My observations were based on just that - observations. We, that is
myself and another UK coiler, have ran both SRSG and ARSG coils, as well
as statics and each tends to display different streamer characteristics,
although it's mainly the rotary coils where this is noticeable.
A very good explanation on RSG and static gaps and the pros and cons is
at Richie Burnett's excellent web site, as my own brain cells have lost
their edge lately on the more technical aspects.
Richie's site is at www.richieburnett.co.uk/ and there is info on my
own site http://www.hvtesla.com.
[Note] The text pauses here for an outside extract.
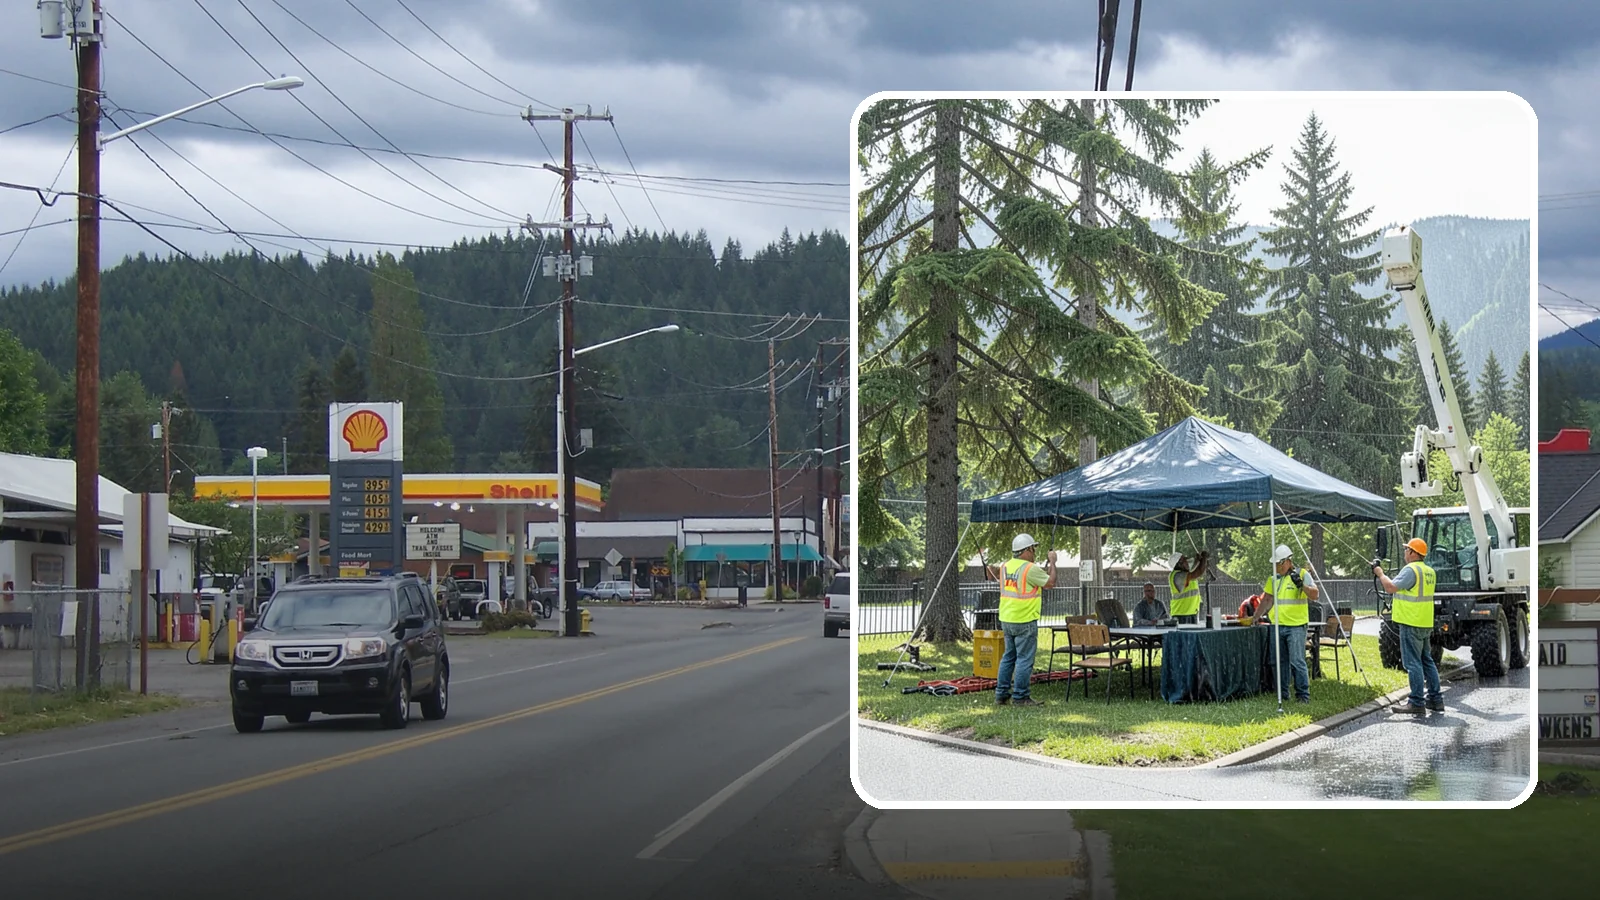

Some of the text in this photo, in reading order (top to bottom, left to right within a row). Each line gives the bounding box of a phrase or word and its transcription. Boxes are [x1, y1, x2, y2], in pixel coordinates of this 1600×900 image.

Also try the archives on here.
Basically once you've decided on either a static or rotary (RSG) gap,
then if you choose rotary you then have two flavours: SRSG or ARSG. The
latter Asynchronous rotary is quick and easy to build, while a
Synchronous rotary is more efficient at lower bps rates, but also a lot
more work to achieve, needing motor modification and careful control of
the phase using some form of phase control, and also care is needed with
the MMC size**. Probably only worth it if you want to squeeze every last
bit of performance out of a coil.
An SRSG at 100/120 bps (50 or 60Hz) can be particularly challenging as
you can then run into some very high resonant voltages if you get the
phase wrong. This is now thought to behind the damage at my other recent
posting:
https://www.pupman.com/listarchives/2018/Jul/msg00019.php ; entitled "Bad
strike to a 12 inch traditional coil (somewhat
terminal)"<https://www.pupman.com/listarchives/2018/Jul/msg00019.php>
To sum up:
Static: - Easy to build, generally suited up to 6 or 7kW (yes I know
others have ran twice that)
Rotary ARSG:- Easy to build, handles power better than a static with
theoretically no upper level for hobby coiling.
Rotary SRSG:- Lot more work involved, most efficient up to 300bps
(particularly at 200/240 bps) if pursuing 100% power, harder to run,
handles power as ARSG above.
People often try SRSG but don't get success because MMC size and phase
are critical. (See "resonant charging" on Richie's site)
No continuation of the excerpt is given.